A kneesy round? Golfers are allowed to compete wearing SHORTS on the European Tour for the first time as temperatures soar to 104F
- Competition will be played in sweltering heat in the north of South Africa
- In 2016, the European Tour allowed players to wear shorts in practice rounds
- Four-time major winner Ernie Els said allowing shorts was ‘common sense’
Golfers were allowed to wear shorts during a European Tour event for the first time on Thursday because of sweltering temperatures.
The decision to relax rules at the 2020 season-opening Alfred Dunhill Championship in South Africa was made after discussions between players, European Tour CEO Keith Pelley, and tournament host Johann Rupert.
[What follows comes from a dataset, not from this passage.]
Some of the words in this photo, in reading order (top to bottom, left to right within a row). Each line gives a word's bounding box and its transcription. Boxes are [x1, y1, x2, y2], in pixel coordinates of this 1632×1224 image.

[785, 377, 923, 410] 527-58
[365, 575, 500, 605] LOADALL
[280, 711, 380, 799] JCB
It applies for this event only.
Temperatures are predicted to reach 104F (40C) over the next few days at the Leopard Creek Country Club, which borders the Kruger Park wildlife reserve in northern South Africa.
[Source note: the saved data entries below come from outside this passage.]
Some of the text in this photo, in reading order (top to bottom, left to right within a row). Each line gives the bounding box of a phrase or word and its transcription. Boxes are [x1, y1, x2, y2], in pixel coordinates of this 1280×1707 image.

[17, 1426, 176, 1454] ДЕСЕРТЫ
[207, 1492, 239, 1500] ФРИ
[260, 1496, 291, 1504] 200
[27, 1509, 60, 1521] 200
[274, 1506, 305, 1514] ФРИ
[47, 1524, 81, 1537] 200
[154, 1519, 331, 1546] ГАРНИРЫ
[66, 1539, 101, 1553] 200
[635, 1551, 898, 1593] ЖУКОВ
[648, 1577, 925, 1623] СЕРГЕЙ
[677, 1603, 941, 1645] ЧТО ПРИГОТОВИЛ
Ernie Els (pictured at the Leopard Creek Country Golf Club on Thursday) said it was ‘common sense’ to allow shorts
‘We felt that in this situation it was a good move,’ said the European Tour´s David Williams, the tournament director. ‘The temperatures will increase as the week goes on, which is uncomfortable and could be a health issue for the players.
‘A lot of players were concerned about it. In these temperatures it can be pretty uncomfortable out there in trousers.’
In 2016, the European Tour allowed players to wear shorts for practice rounds and pro-ams but not tournament play. The U.S. PGA Tour brought in the same policy this year.
Four-time major winner Ernie Els said allowing shorts this week was ‘common sense’ and hoped it wouldn´t be the last time in a tournament.
South Africa’s Brandon Grace lines up a shot during play in the European Tour in Malelane, South Africa, Thursday, Nov. 28, 2019. Players have been allowed to wear shorts for the first time during tournament play because temperatures are expected to reach 40 degrees Celsius over the next few days. (AP Photo)
‘It´s going to get up to 40 degrees here and it´s the right thing to do,’ Els said. ‘It´s been talked about for so long on all of the tours around the world … I think this could be a game-changer for golf which could end up enhancing the product.’
When the U.S. PGA Tour announced in February it was allowing shorts for practice and pro-ams, it said it noted the opinions of leading players.
Asked for his view on allowing shorts, Tiger Woods said: ‘I would love it. We play in some of the hottest climates on the planet.’
Rory McIlroy said: ‘It makes the guys a lot more comfortable. I don´t think there´s anything wrong with professional golfers showing the lower half of their leg.’